• WORK ITEM: Leaving out the pictures, transcribe all of the records faithfully.

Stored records
═══

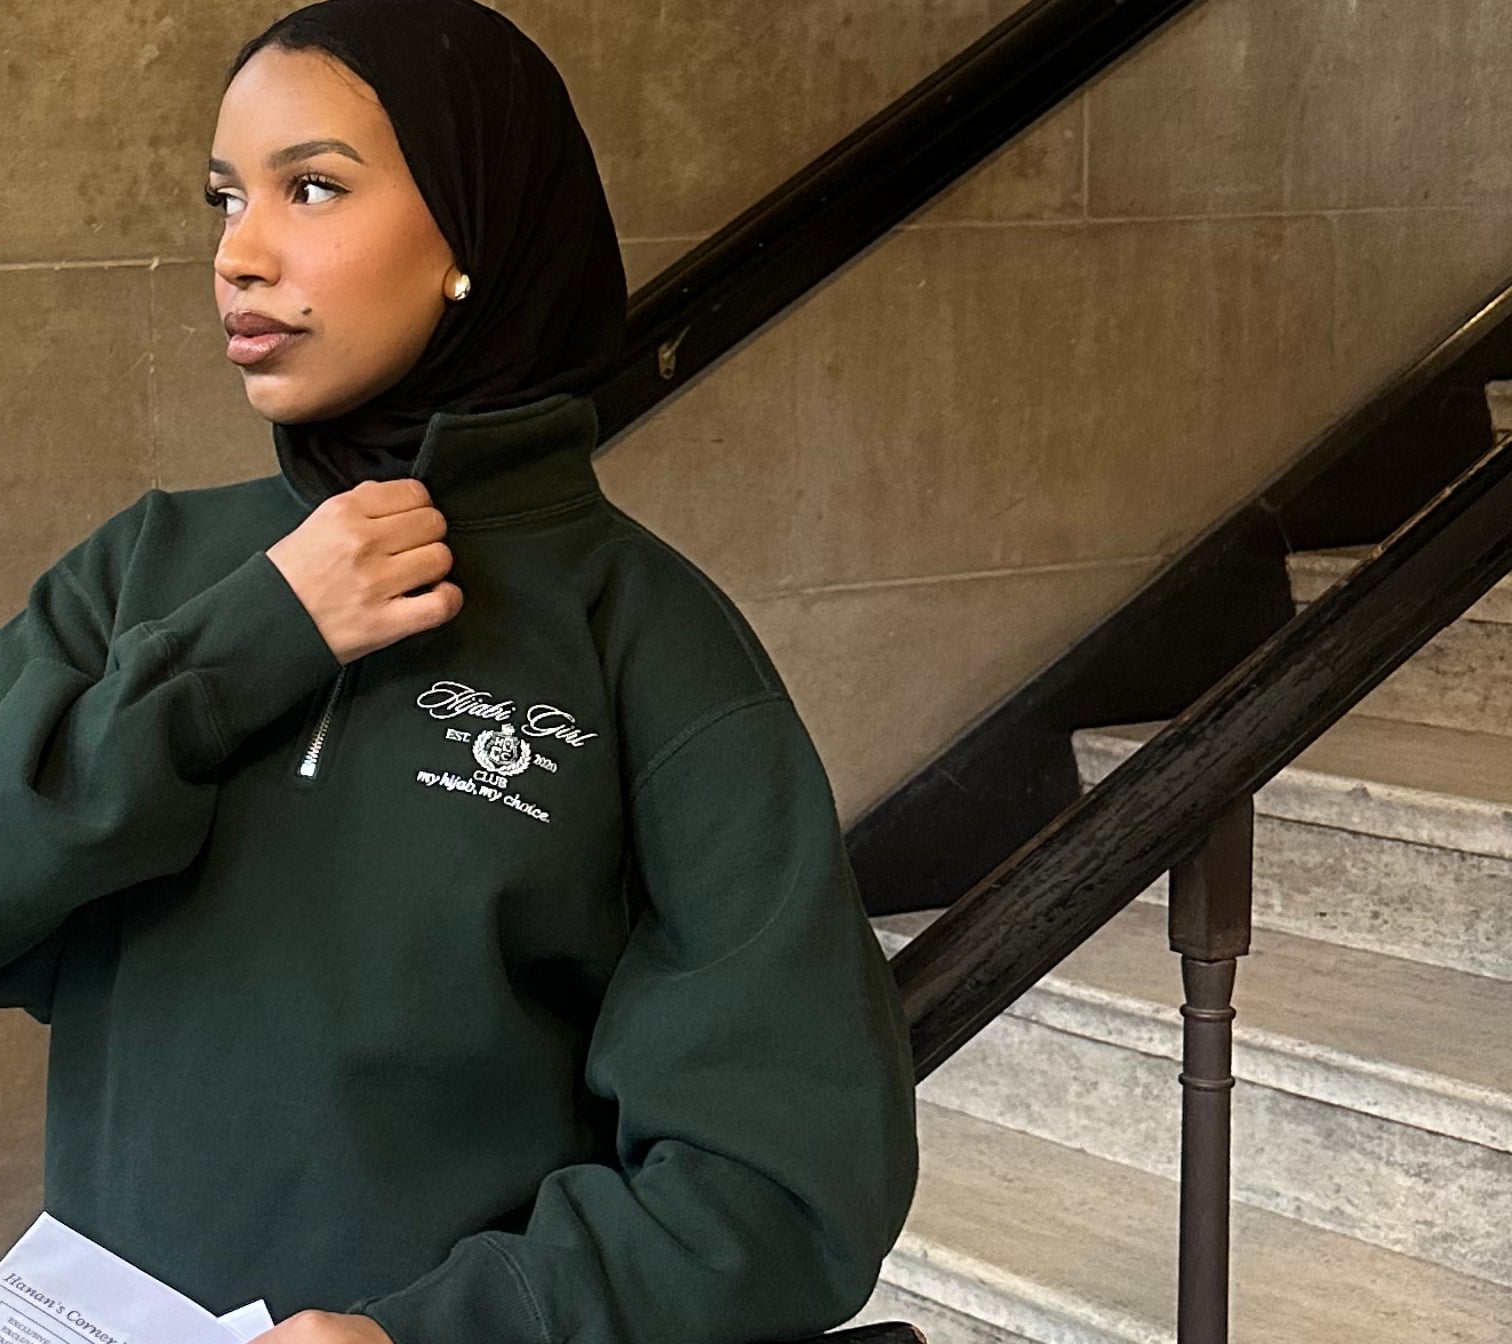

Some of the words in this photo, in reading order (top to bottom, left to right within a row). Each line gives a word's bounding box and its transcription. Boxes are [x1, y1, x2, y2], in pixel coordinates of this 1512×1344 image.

[416, 680, 517, 722] Hijabi
[521, 704, 599, 748] Girl
[416, 770, 441, 787] my
[478, 786, 503, 802] my
[473, 769, 508, 789] CLUB
[2, 1272, 66, 1315] Hanan's

═══

• COMPLETED EXERCISE:
Some of the words in this photo, in reading order (top to bottom, left to right within a row). Each line gives a word's bounding box and its transcription. Boxes are [x1, y1, x2, y2], in pixel coordinates of this 1512×1344 image.

[416, 680, 517, 722] Hijabi
[521, 704, 599, 748] Girl
[416, 770, 441, 787] my
[478, 786, 503, 802] my
[473, 769, 508, 789] CLUB
[2, 1272, 66, 1315] Hanan's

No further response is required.